There was a window above me on the curved wall to my right, but it was dark on the other side—which meant that the window looked out on another room, or that it was still night, or worse, night again—
and the deep ache in my arms and legs told me I’d been sleeping too long in one position.
Holy shit. Mom had to be freaking out.
The song ended, and in the break, I yelled out, “Hel-lo!” The next song started—another eighties number, but U2 this time. A minute later the door opened and O’Connell leaned in. She was in rock-chick mode again: black T-shirt, black jeans. Despite the singing a moment ago, she didn’t look happy.
I wasn’t in the bed so much as on it: I lay on top of the covers, with several blankets thrown over me. I lifted one arm a few inches, as far as it would go.

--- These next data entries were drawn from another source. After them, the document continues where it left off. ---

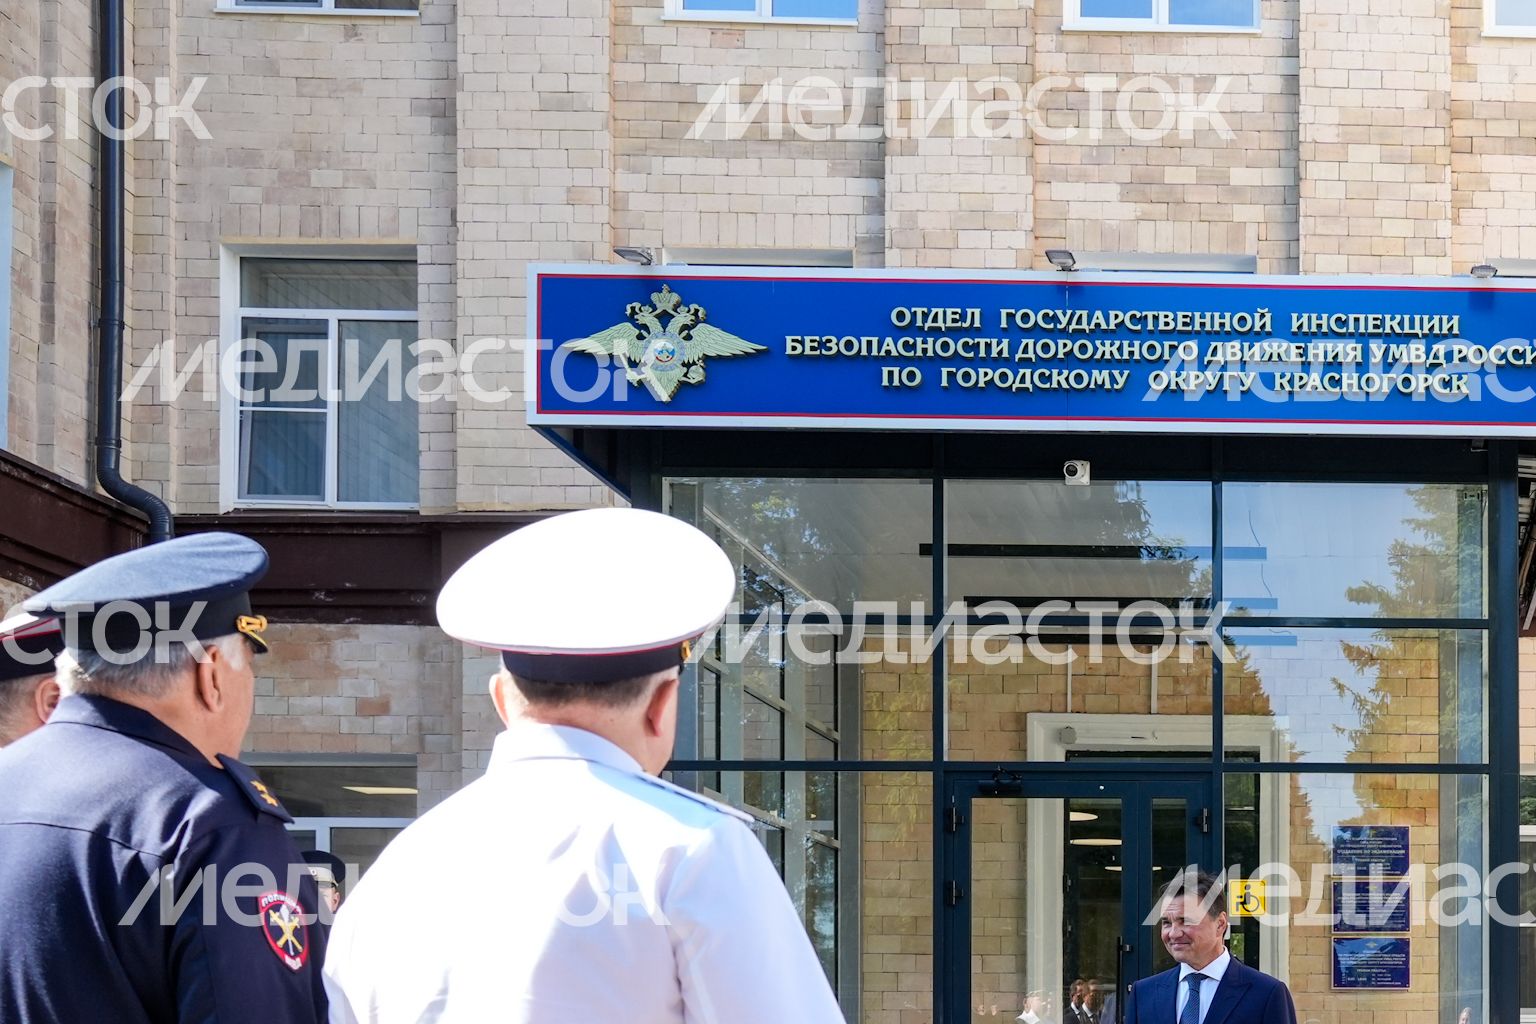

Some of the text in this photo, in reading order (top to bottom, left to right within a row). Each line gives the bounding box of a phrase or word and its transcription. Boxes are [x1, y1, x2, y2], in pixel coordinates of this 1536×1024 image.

[890, 307, 1460, 337] ОТДЕЛ ГОСУДАРСТВЕННОЙ ИНСПЕКЦИИ
[785, 335, 1009, 359] БЕЗОПАСНОСТИ
[1015, 337, 1198, 363] ДОРОЖНОГО
[1204, 341, 1363, 366] ДВИЖЕНИЯ
[1369, 344, 1447, 368] УМВД
[881, 367, 1469, 394] ПО ГОРОДСКОМУ ОКРУГУ КРАСНОГОРСК

“You can untie me now,” I said.
She stepped back and closed the door, leaving me alone in the dark again.
Ooookay.
Sometime last night, after I’d babbled and cried for a couple hours and finally fallen asleep, O’Connell had tied me spread-eagled to the bed frame with the combination locks tucked out of sight and out of reach, an arrangement impossible for me to set up on my own—and one I didn’t much like now. The situation put me in mind of more than one Stephen King novel, and I’d had enough of horror stories. Bono was emoting through the second verse when she came back into the room carrying a vinyl-padded kitchen chair in one hand and my blue duffel bag in the other. She set the chair near the foot of the bed and dropped the duffel onto the bed between my spread legs. She made no move toward the chains.
“I really need to pee,” I said.
“Let’s talk first,” she said.
“About what?”
“Oh, I hardly know where to start.” She sounded peeved. “The county sheriff stopped by for a talk this morning. Not about the Shug, about Dr. Ram. They found the killer.”
“What? That’s great!”
“Some DemoniCon fanboy named Eliot Kasparian. He claims he was possessed, woke up wearing a trench coat and holding a pair of guns. He’s in custody.”

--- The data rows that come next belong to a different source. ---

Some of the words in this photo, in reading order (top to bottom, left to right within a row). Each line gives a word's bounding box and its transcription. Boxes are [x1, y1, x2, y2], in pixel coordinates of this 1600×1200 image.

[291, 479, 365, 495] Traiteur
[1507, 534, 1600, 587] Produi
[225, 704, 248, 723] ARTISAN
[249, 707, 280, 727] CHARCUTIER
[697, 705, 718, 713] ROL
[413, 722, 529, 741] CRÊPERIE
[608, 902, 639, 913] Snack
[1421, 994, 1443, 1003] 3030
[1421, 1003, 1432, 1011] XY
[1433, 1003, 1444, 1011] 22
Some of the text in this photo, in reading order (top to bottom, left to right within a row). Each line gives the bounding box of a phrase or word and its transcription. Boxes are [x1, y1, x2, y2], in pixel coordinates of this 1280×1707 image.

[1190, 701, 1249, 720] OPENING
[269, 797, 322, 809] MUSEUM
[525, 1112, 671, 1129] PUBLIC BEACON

“So was he possessed by the Truth, or is he faking?”
“I hope for his sake that he’s not lying,” she said. Good point, I thought. The Truth didn’t like fakers. But if he really was possessed, then it was Dr. Ram who’d been the liar. O’Connell said, “We’re not completely off the hook, boyo. The sheriff says that the police still want to talk to all the hotel guests who were there that night, especially the ones that checked out that morning. Especially the ones that might be showing up on security camera tapes.”

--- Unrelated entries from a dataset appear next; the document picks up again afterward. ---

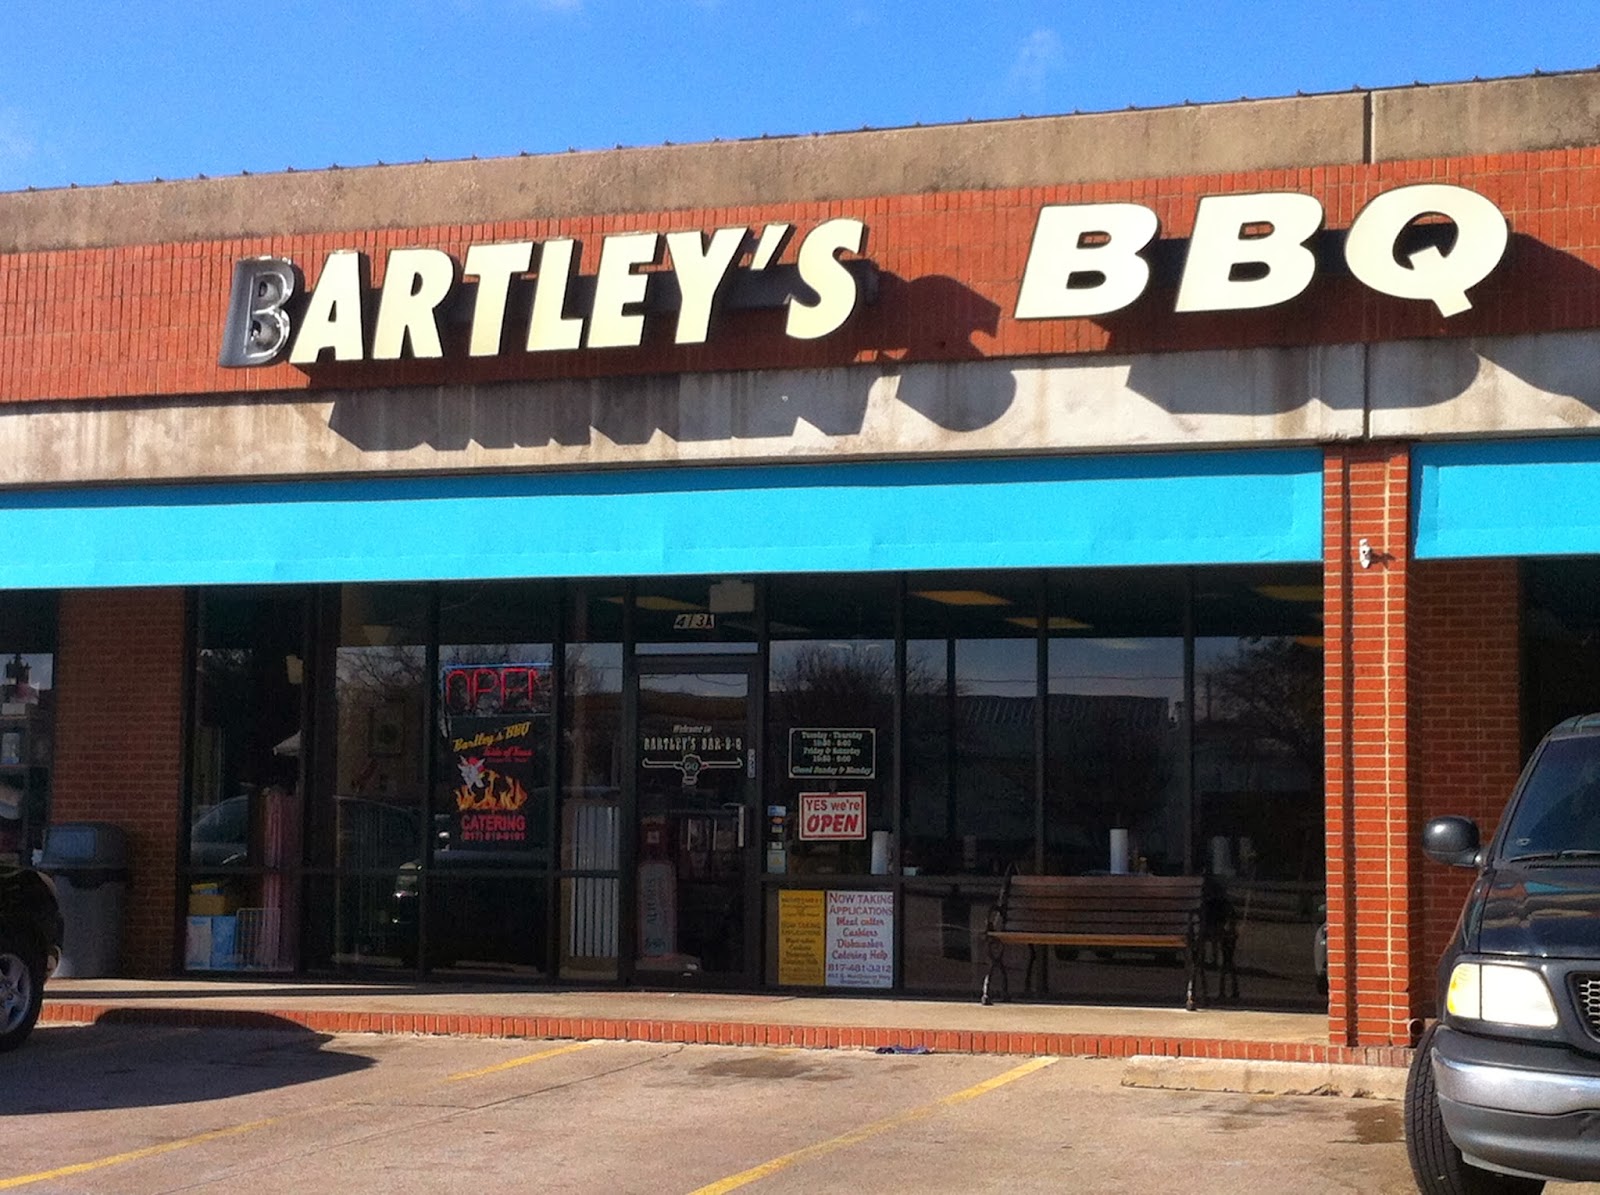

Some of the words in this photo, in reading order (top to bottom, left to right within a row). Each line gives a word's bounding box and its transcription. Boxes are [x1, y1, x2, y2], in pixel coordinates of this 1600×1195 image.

[219, 217, 865, 368] BARTLEY'S
[1013, 183, 1509, 318] BBQ
[505, 720, 532, 739] BBQ
[643, 736, 696, 751] BARTLEY'S
[701, 736, 742, 751] BAR-B-Q
[806, 799, 828, 811] YES
[831, 799, 861, 811] we're
[461, 814, 526, 831] CATERING
[807, 814, 859, 833] OPEN
[829, 892, 856, 904] NOW
[829, 905, 893, 916] APPLICATIONS
[836, 916, 858, 926] Meat
[842, 927, 878, 937] Cashiers
[832, 950, 868, 961] Catering
[870, 949, 889, 961] Help

“You told him I was here?”
“Her. I didn’t have to—she’s smart enough to figure out where you went when you checked yourself out of the hospital. Plus, you were snoring.”
“She didn’t think it odd that I was chained up in your bedroom?”
“I didn’t open the door. Officially, she doesn’t know where you are.”
“Why would—why would she go along with that?” And why would O’Connell stick her neck out for me?
“She’s a friend. And she lives here. The ladies of the lake watch out for each other.”
I didn’t know what she meant by that. Were there any male residents of Harmonia Lake? I hadn’t met any. Maybe only women stayed, because they weren’t candidates to be the next Shug.
“This is a huge relief, though,” I said. “So you want to unlock me?”
“We’re not quite finished with our conversation,” O’Connell said, and unzipped the duffel. I tried to sit up, but the chains kept me from raising more than my head. “Hey, that’s my stuff!”